- Directions for this task:
Below are some records; give them all again exactly, but not the pictures.

- Data in this exercise:
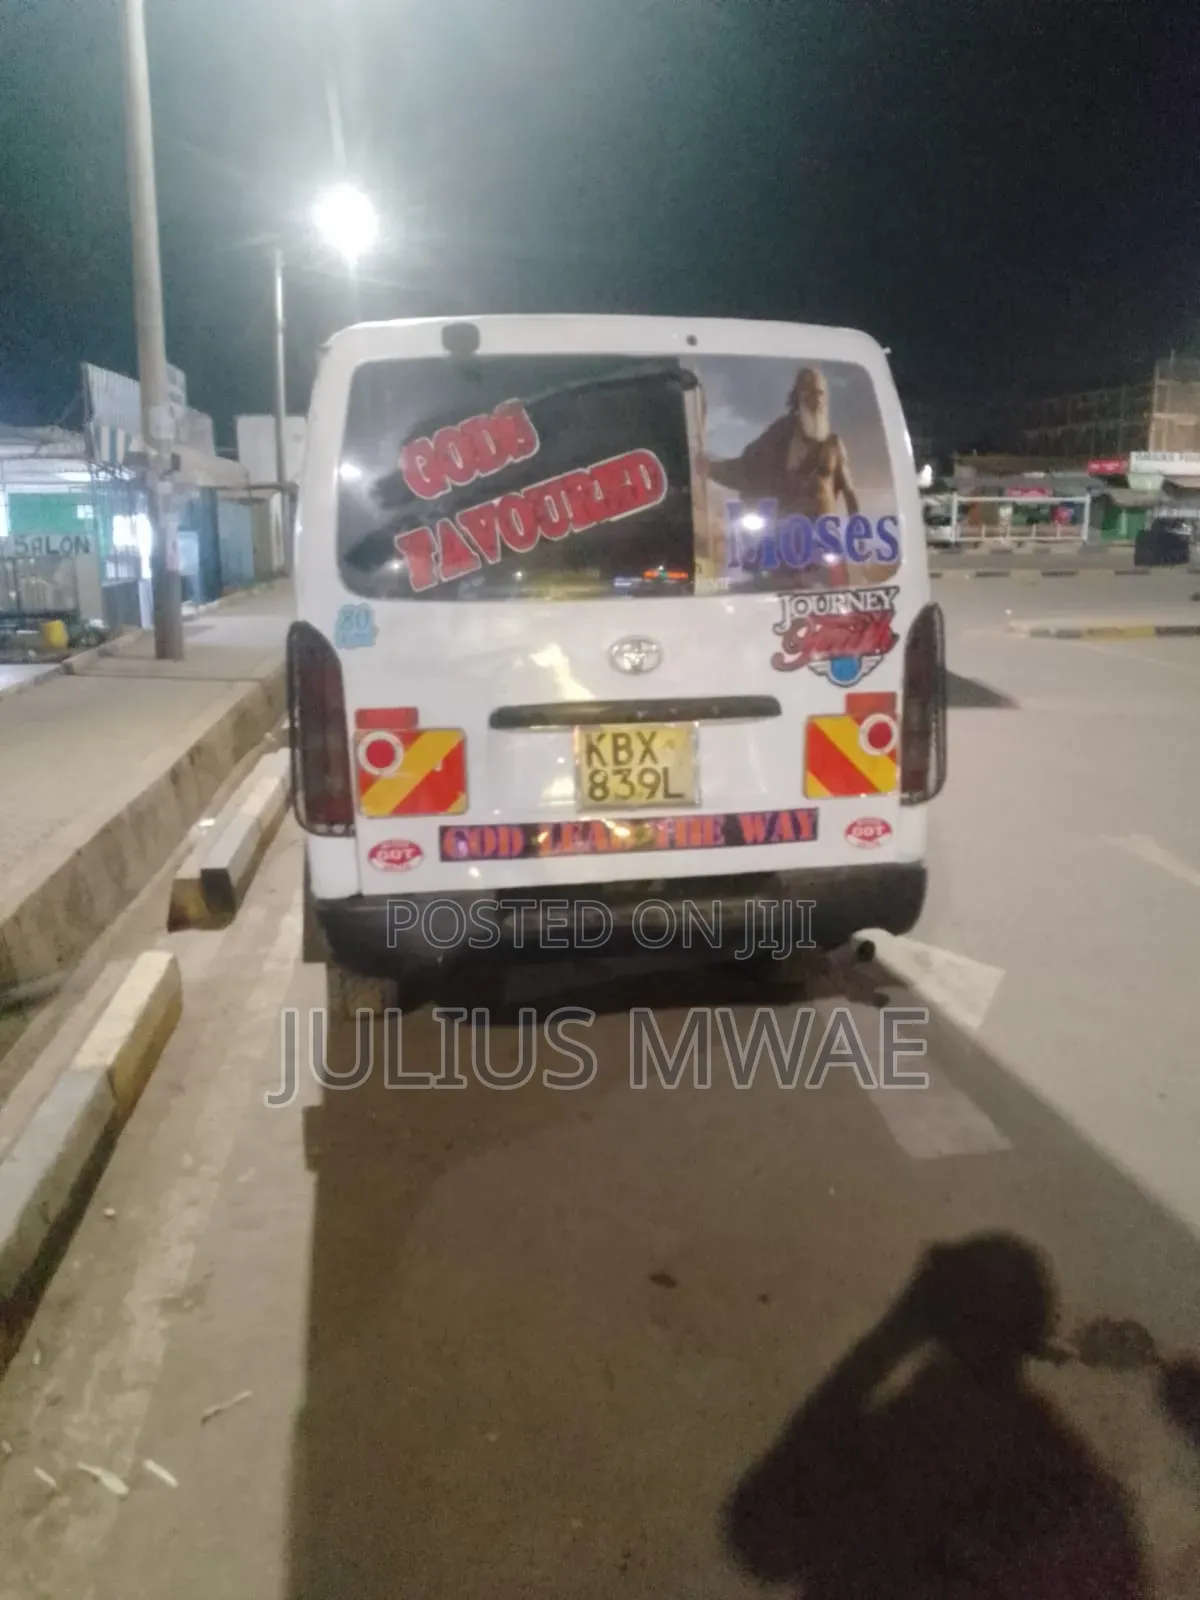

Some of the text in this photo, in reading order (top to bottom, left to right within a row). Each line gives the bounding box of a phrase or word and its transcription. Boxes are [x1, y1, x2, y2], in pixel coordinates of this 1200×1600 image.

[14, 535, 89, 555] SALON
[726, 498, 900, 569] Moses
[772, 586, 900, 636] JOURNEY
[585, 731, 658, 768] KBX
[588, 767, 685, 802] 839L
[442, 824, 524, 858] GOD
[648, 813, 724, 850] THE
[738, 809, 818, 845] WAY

- Problem solution:
Some of the text in this photo, in reading order (top to bottom, left to right within a row). Each line gives the bounding box of a phrase or word and its transcription. Boxes are [x1, y1, x2, y2], in pixel coordinates of this 1200×1600 image.

[14, 535, 89, 555] SALON
[726, 498, 900, 569] Moses
[772, 586, 900, 636] JOURNEY
[585, 731, 658, 768] KBX
[588, 767, 685, 802] 839L
[442, 824, 524, 858] GOD
[648, 813, 724, 850] THE
[738, 809, 818, 845] WAY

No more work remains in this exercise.